Purpose: To compare the effectiveness of azvudine and nirmatrelvir/ritonavir for the treatment of coronavirus disease (COVID-19). Patients and Methods: We conducted a retrospective analysis of data from 576 patients with COVID-19, comprising 195 patients without antiviral therapy, 226 patients treated with azvudine, 114 patients treated with nirmatrelvir/ritonavir, and 41 patients were treated with azvudine and nirmatrelvir/ritonavir concurrently. We compared their symptoms, mortality rates, and the length and cost of hospitalization. Results: The incidence of symptoms was similar in patients treated with azvudine and in those treated with nirmatrelvir/ritonavir. However, among patients experiencing weakness, the duration of weakness was significantly shorter in the azvudine group than in the nirmatrelvir/ritonavir group (P=0.029). Mortality did not differ significantly between the azvudine group and the nirmatrelvir/ritonavir group (18.14% vs.10.53%, P=0.068). Among "severe patients", the mortality rate was markedly lower in patients treated with nirmatrelvir/ritonavir than in patients treated with azvudine (16.92% vs.32.17%, P=0.026).

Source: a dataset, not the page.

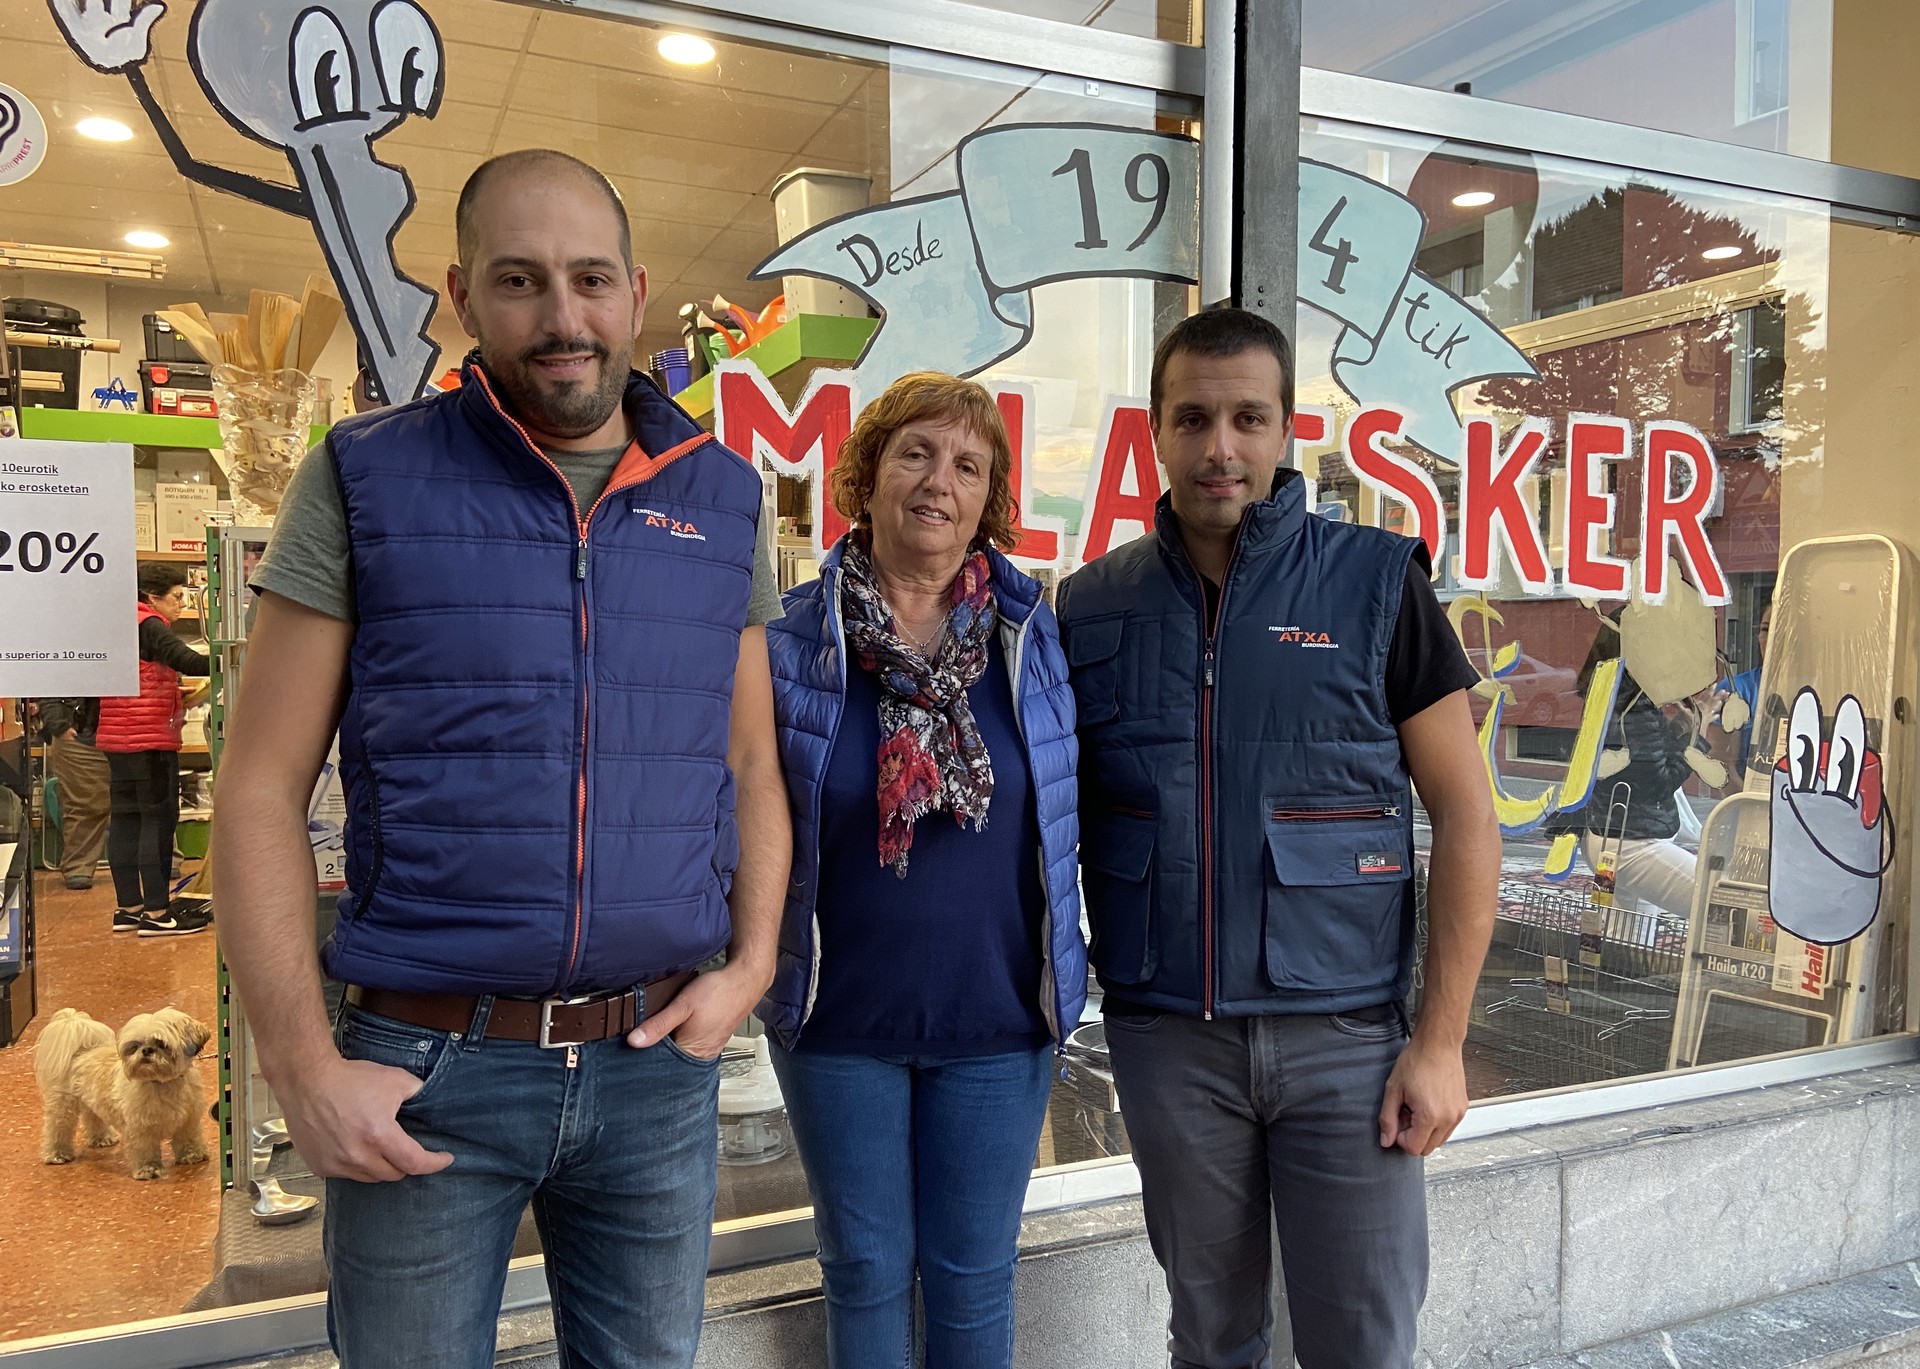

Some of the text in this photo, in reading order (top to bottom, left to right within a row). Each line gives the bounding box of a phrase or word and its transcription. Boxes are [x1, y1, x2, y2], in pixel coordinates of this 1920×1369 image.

In patients with hepatic insufficiency, those treated with nirmatrelvir/ritonavir had substantially lower mortality than those treated with azvudine (15.09% vs.34.25%, P=0.016). In addition, patients treated with nirmatrelvir/ritonavir had longer hospital stays (P=0.002) and higher hospital costs (P<0.001) than those receiving azvudine. Compared with patients treated with nirmatrelvir/ritonavir or azvudine alone, patients taking nirmatrelvir/ritonavir and azvudine concurrently had no significant improvement in survival (P>0.05), length of stay (P>0.05), or hospital costs (P>0.05). Conclusion: Azvudine is recommended for patients with non-severe COVID-19 with weakness. Nirmatrelvir/ritonavir is recommended for patients with severe COVID-19, to reduce mortality, and it could be the best choice for patients with hepatic insufficiency. The concurrent use of nirmatrelvir/ritonavir and azvudine in patients with COVID-19 could be not recommended.